We are not met upon a battle-field, except so far as every laborious achievement means a victory over opposition, indifference, selfishness, faintheartedness, and that great property of mind as well as matter,--inertia. We are not met in a cathedral, except so far as every building whose walls are lined with the products of useful and ennobling thought is a temple of the Almighty, whose inspiration has given us understanding. But we have gathered within walls which bear testimony to the self-sacrificing, persevering efforts of a few young men, to whom we owe the origin and development of all that excites our admiration in this completed enterprise; and I might consider my task as finished if I contented myself with borrowing the last word of the architect's epitaph and only saying, Look around you!

The reports of the librarian have told or will tell you, in some detail, what has been accomplished since the 21st of December, 1874, when six gentlemen met at the house of Dr. Henry Ingersoll Bowditch to discuss different projects for a medical library. In less than four years from that time, by the liberality of associations and of individuals, this collection of nearly ten thousand volumes, of five thousand pamphlets, and of one hundred and twenty-five journals, regularly received,--all worthily sheltered beneath this lofty roof, --has come into being under our eyes. It has sprung up, as it were; in the night like a mushroom; it stands before us in full daylight as lusty as an oak, and promising to grow and flourish in the perennial freshness of an evergreen.
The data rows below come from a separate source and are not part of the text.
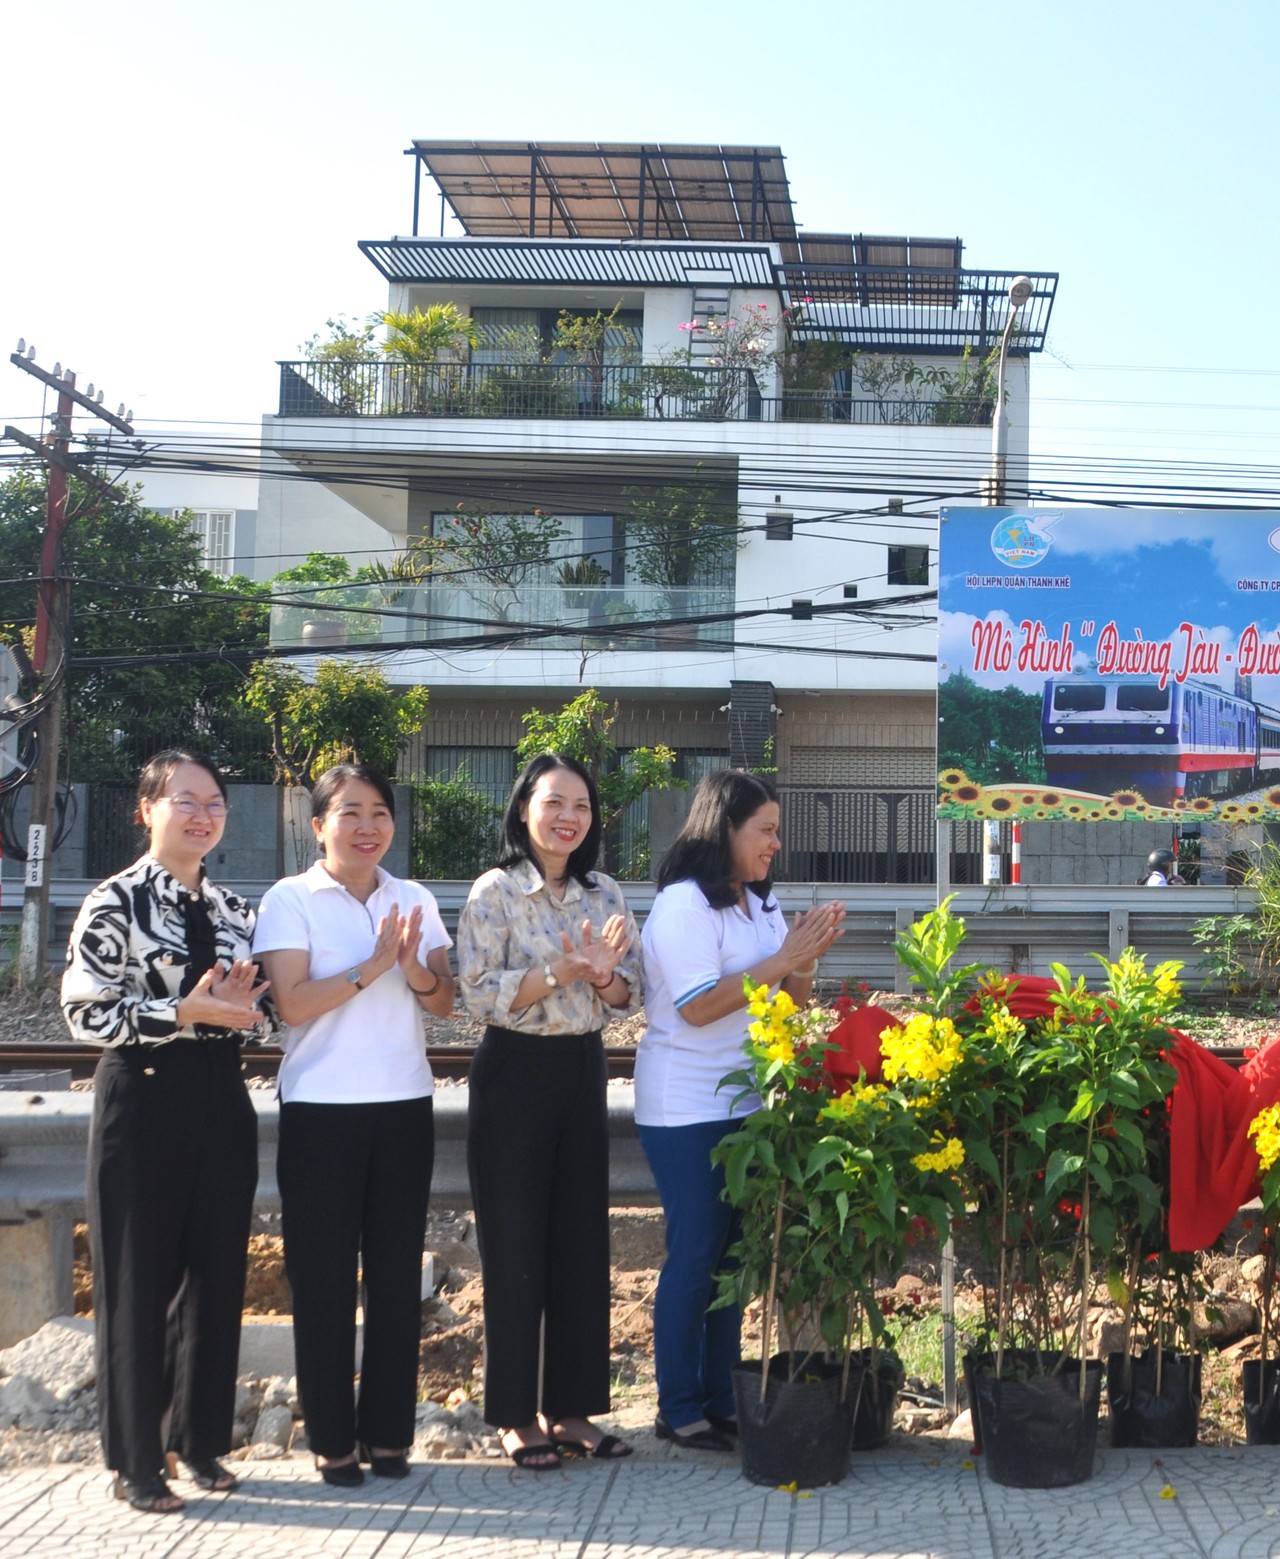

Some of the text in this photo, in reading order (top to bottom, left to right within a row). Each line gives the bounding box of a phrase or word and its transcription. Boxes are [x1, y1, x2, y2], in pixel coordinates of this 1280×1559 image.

[967, 574, 980, 589] HỘI
[982, 576, 1002, 587] LHPN
[1004, 574, 1025, 590] QUẬN
[1027, 576, 1053, 588] THANH
[1237, 578, 1258, 591] CÔNG
[1261, 580, 1269, 590] TY
[971, 620, 1013, 672] Mô
[1018, 620, 1072, 672] Hình
[1175, 622, 1220, 682] Tàu
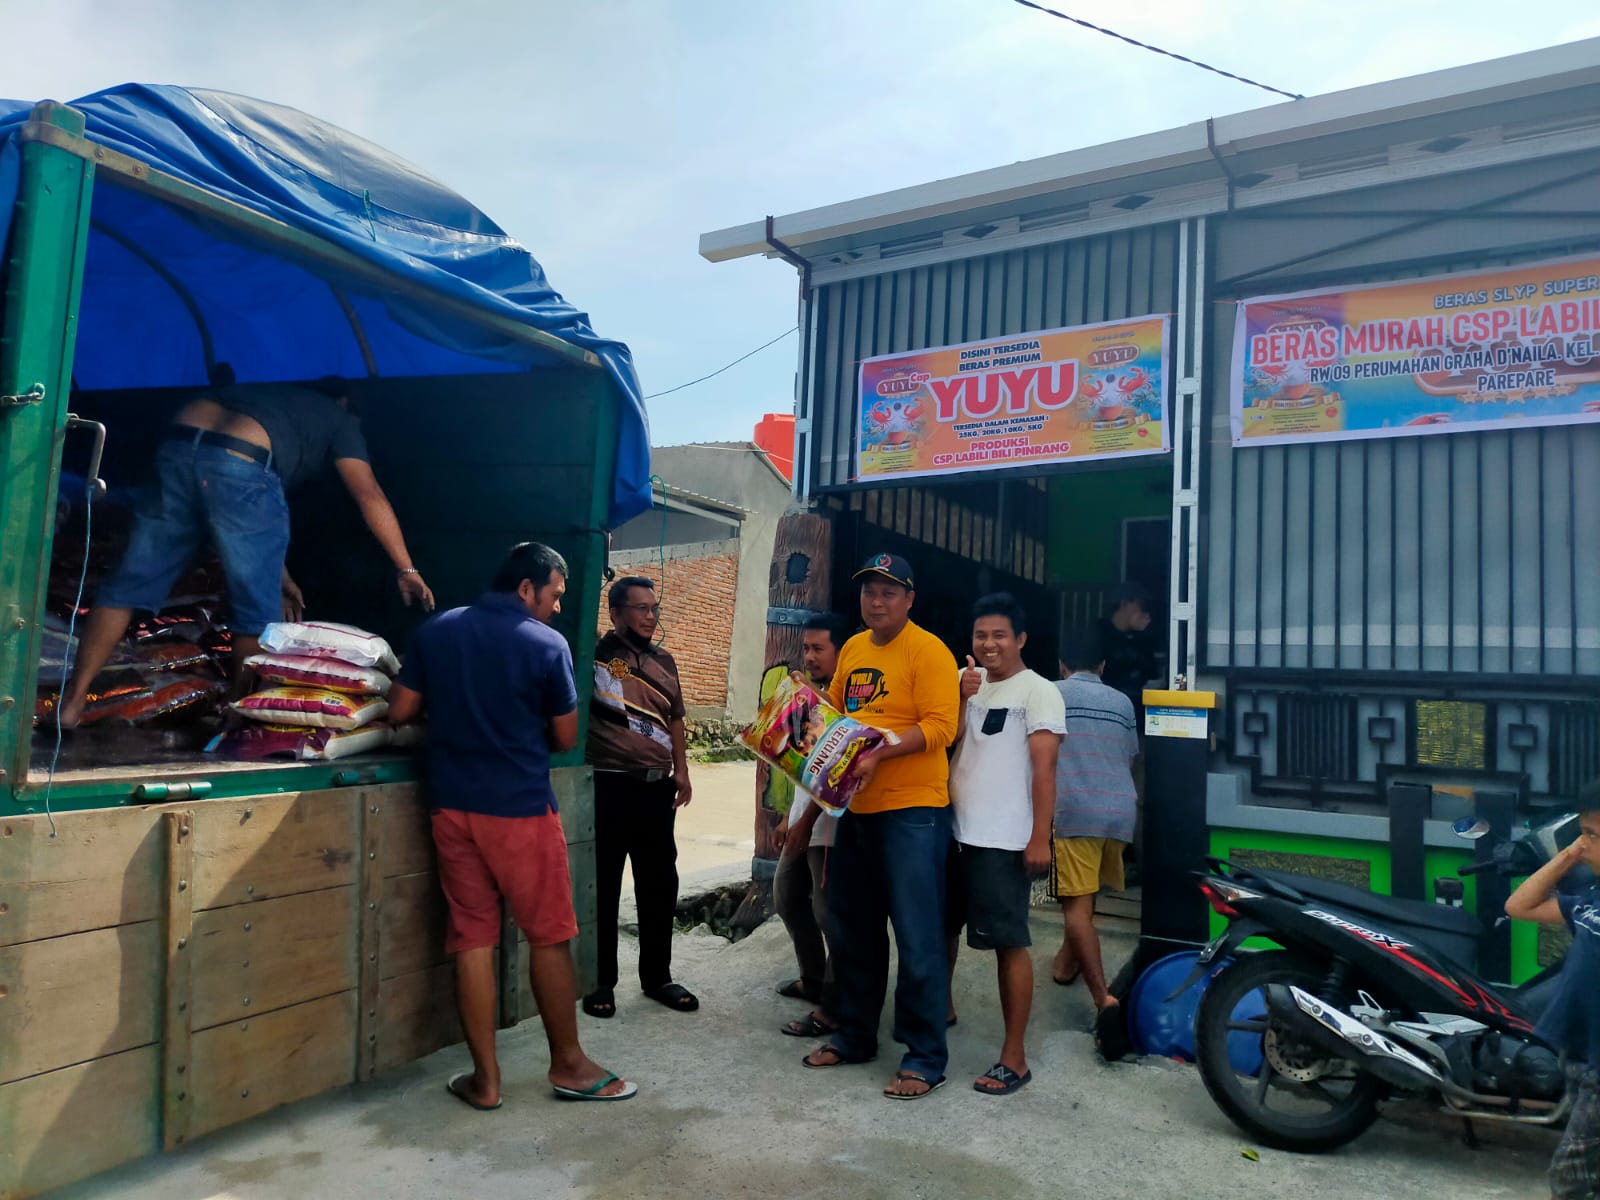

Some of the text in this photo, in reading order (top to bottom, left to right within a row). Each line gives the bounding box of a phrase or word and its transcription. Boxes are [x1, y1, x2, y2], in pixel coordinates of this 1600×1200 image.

[1434, 290, 1488, 309] BERAS
[1543, 275, 1599, 296] SUPER
[1252, 328, 1338, 366] BERAS
[1343, 316, 1444, 356] MURAH
[1452, 309, 1511, 344] CSP
[960, 340, 1040, 360] DISINI TERSEDIA
[1310, 366, 1330, 382] RW
[1333, 364, 1351, 381] 09
[1354, 356, 1440, 379] PERUMAHAN
[1444, 350, 1493, 371] GRAHA
[1566, 340, 1599, 359] KEL.
[959, 352, 1042, 372] BERAS PREMIUM
[910, 360, 1077, 420] Cap YUYU
[1477, 369, 1555, 392] PAREPARE
[953, 421, 983, 431] TERSEDIA
[984, 419, 1009, 428] DALAM
[1010, 415, 1045, 425] KEMASAN
[933, 442, 1070, 465] CSP LABILI BILI PINRANG
[970, 437, 1029, 451] PRODUKSI
[808, 725, 849, 776] BERUANG
To whom does our profession owe this already large collection of books, exceeded in numbers only by four or five of the most extensive medical libraries in the country, and lodged in a building so well adapted to its present needs? We will not point out individually all those younger members of the profession who have accomplished what their fathers and elder brethren had attempted and partially achieved. We need not write their names on these walls, after the fashion of those civic dignitaries who immortalize themselves on tablets of marble and gates of iron. But their contemporaries know them well, and their descendants will not forget them,--the men who first met together, the men who have given their time and their money, the faithful workers, worthy associates of the strenuous agitator who gave no sleep to his eyes, no slumber to his eyelids, until he had gained his ends; the untiring, imperturbable, tenacious, irrepressible, all-subduing agitator who neither rested nor let others rest until the success of the project was assured. If, against his injunctions, I name Dr. James Read Chadwick, it is only my revenge for his having kept me awake so often and so long while he was urging on the undertaking in which he has been preeminently active and triumphantly successful.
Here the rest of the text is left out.